- _WORK TO BE COMPLETED_:
An exact transcription of all the records is required, minus the images.

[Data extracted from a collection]
※

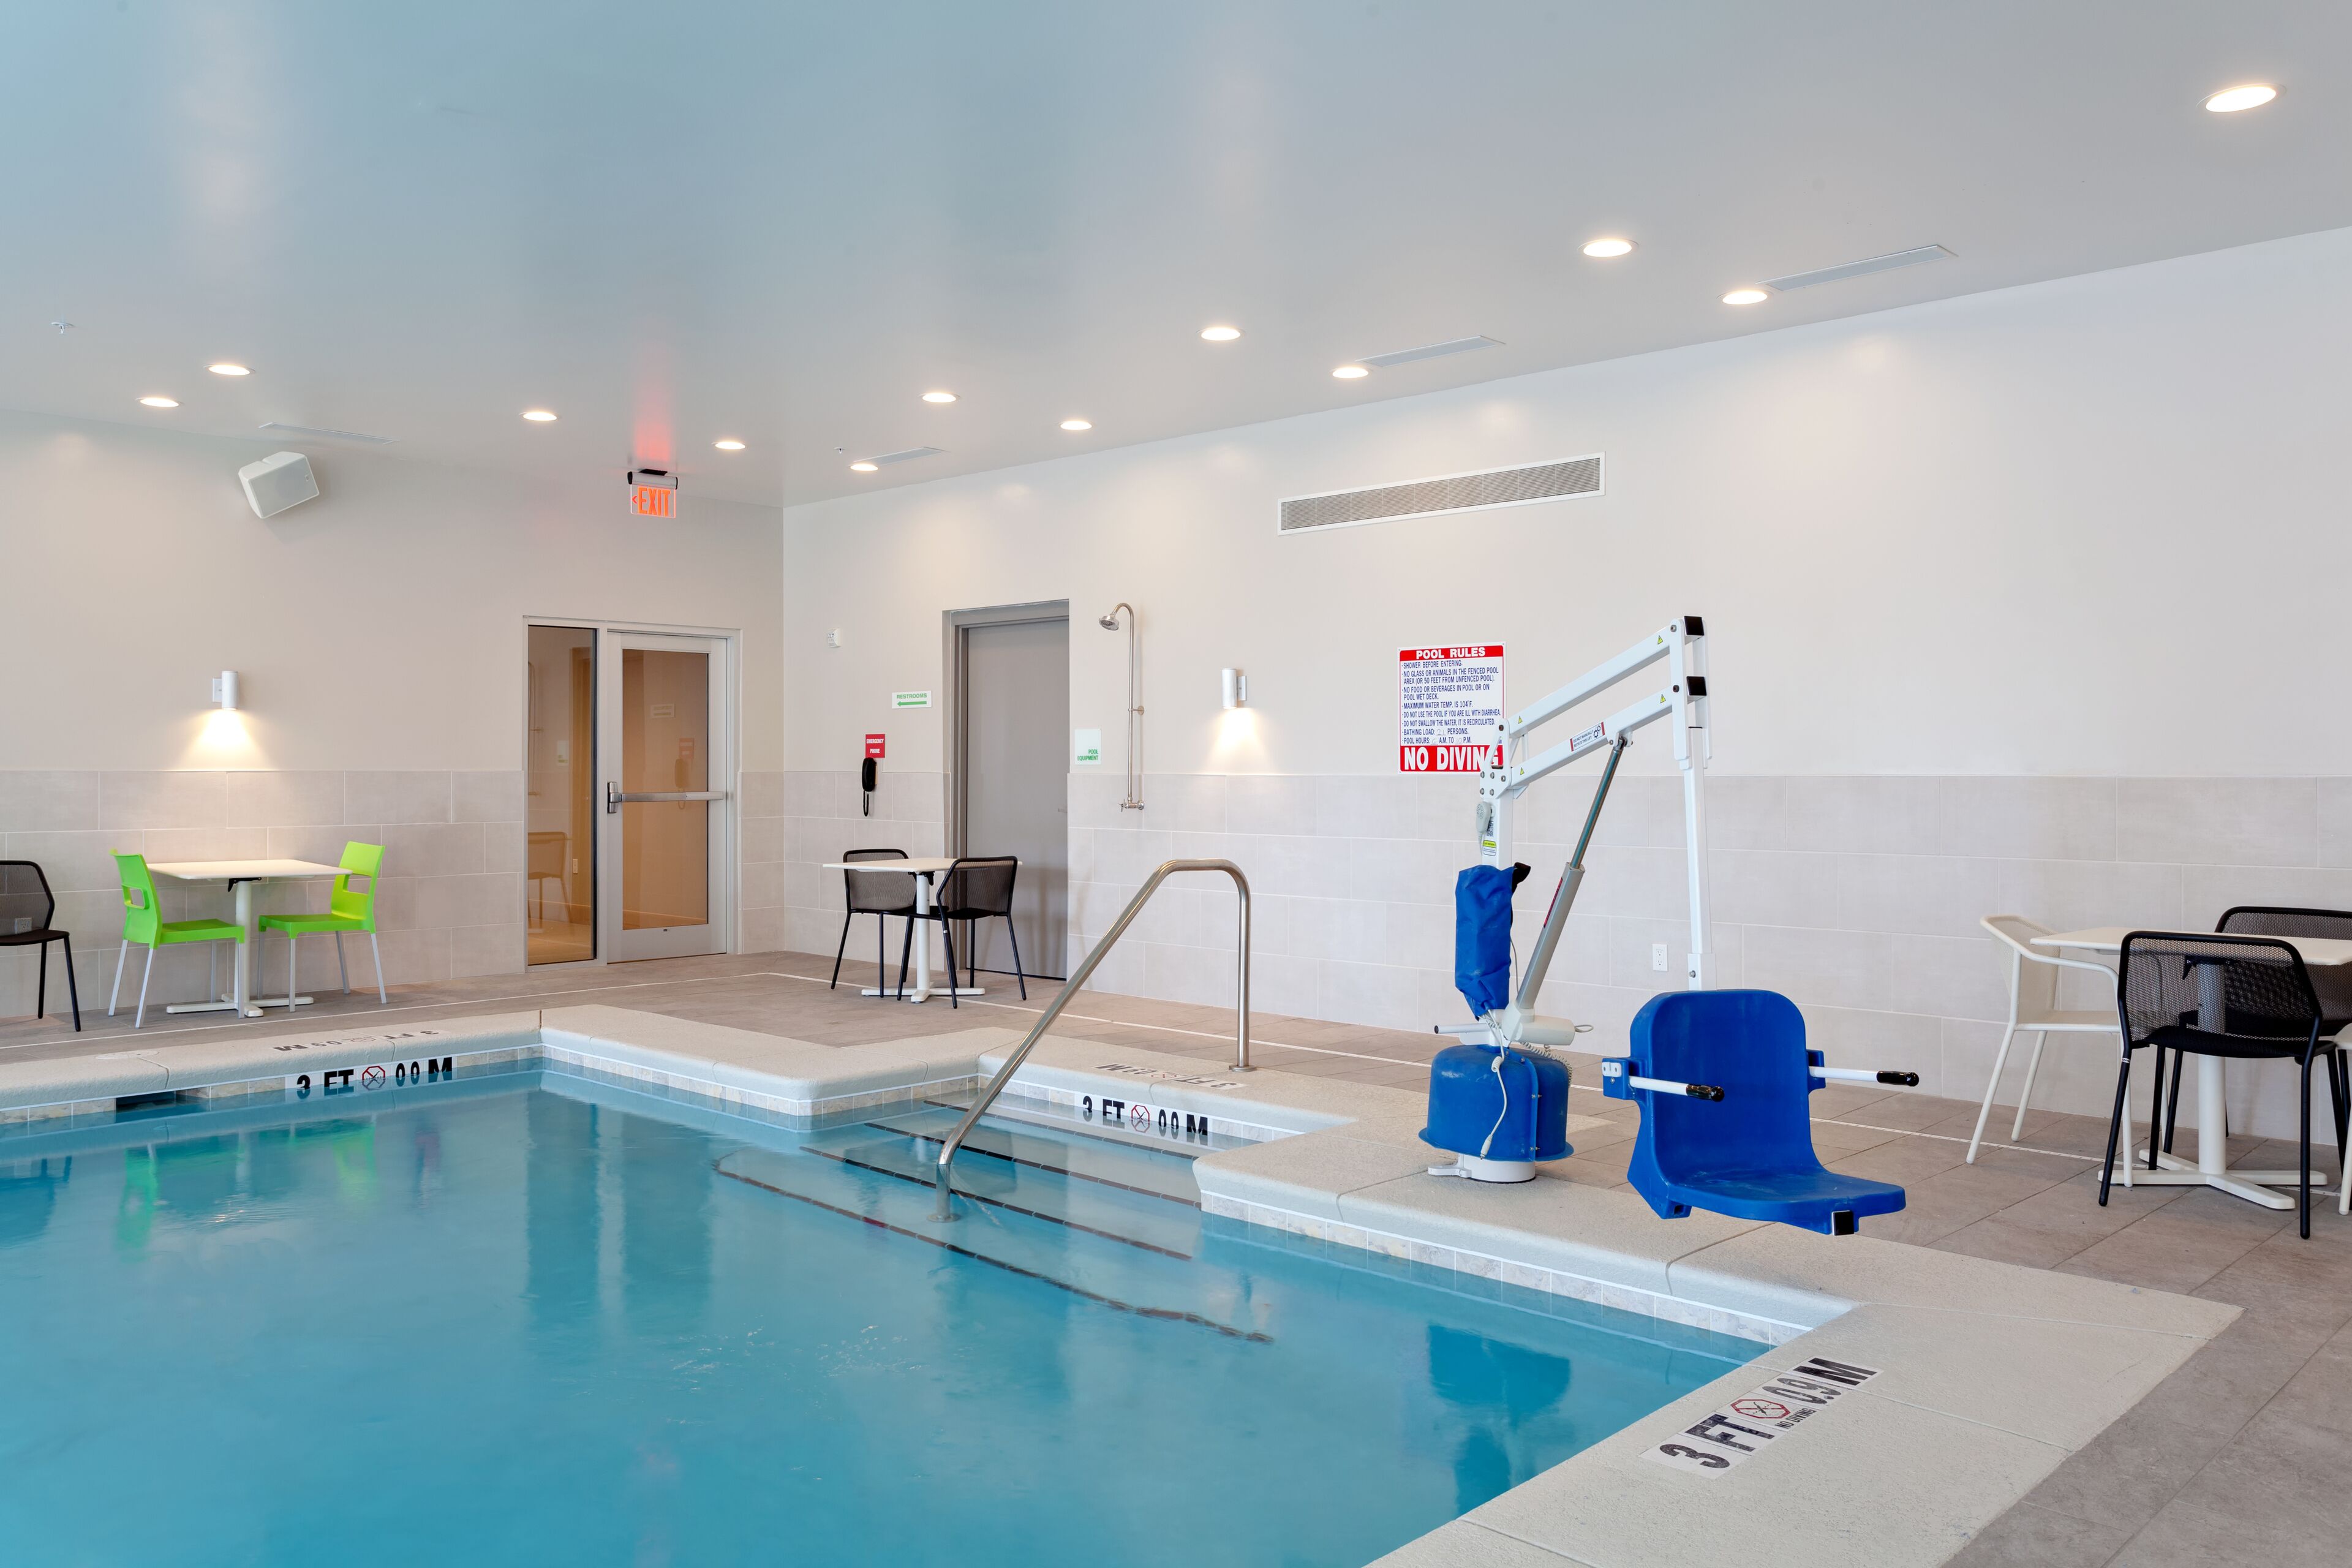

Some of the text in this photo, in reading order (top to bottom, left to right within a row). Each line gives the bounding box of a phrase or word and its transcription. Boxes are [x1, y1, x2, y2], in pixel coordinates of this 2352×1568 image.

[638, 487, 671, 516] EXIT
[1416, 647, 1485, 659] POOL RULES
[1480, 674, 1495, 683] POOL).
[1404, 747, 1429, 771] NO
[324, 1069, 354, 1088] FT
[1102, 1098, 1125, 1119] FT
[1659, 1357, 1877, 1469] 3 FT 0.9 M
[1774, 1408, 1818, 1429] NO DIVING

※

- _TASK SOLUTION_:
Some of the text in this photo, in reading order (top to bottom, left to right within a row). Each line gives the bounding box of a phrase or word and its transcription. Boxes are [x1, y1, x2, y2], in pixel coordinates of this 2352×1568 image.

[638, 487, 671, 516] EXIT
[1416, 647, 1485, 659] POOL RULES
[1480, 674, 1495, 683] POOL).
[1404, 747, 1429, 771] NO
[324, 1069, 354, 1088] FT
[1102, 1098, 1125, 1119] FT
[1659, 1357, 1877, 1469] 3 FT 0.9 M
[1774, 1408, 1818, 1429] NO DIVING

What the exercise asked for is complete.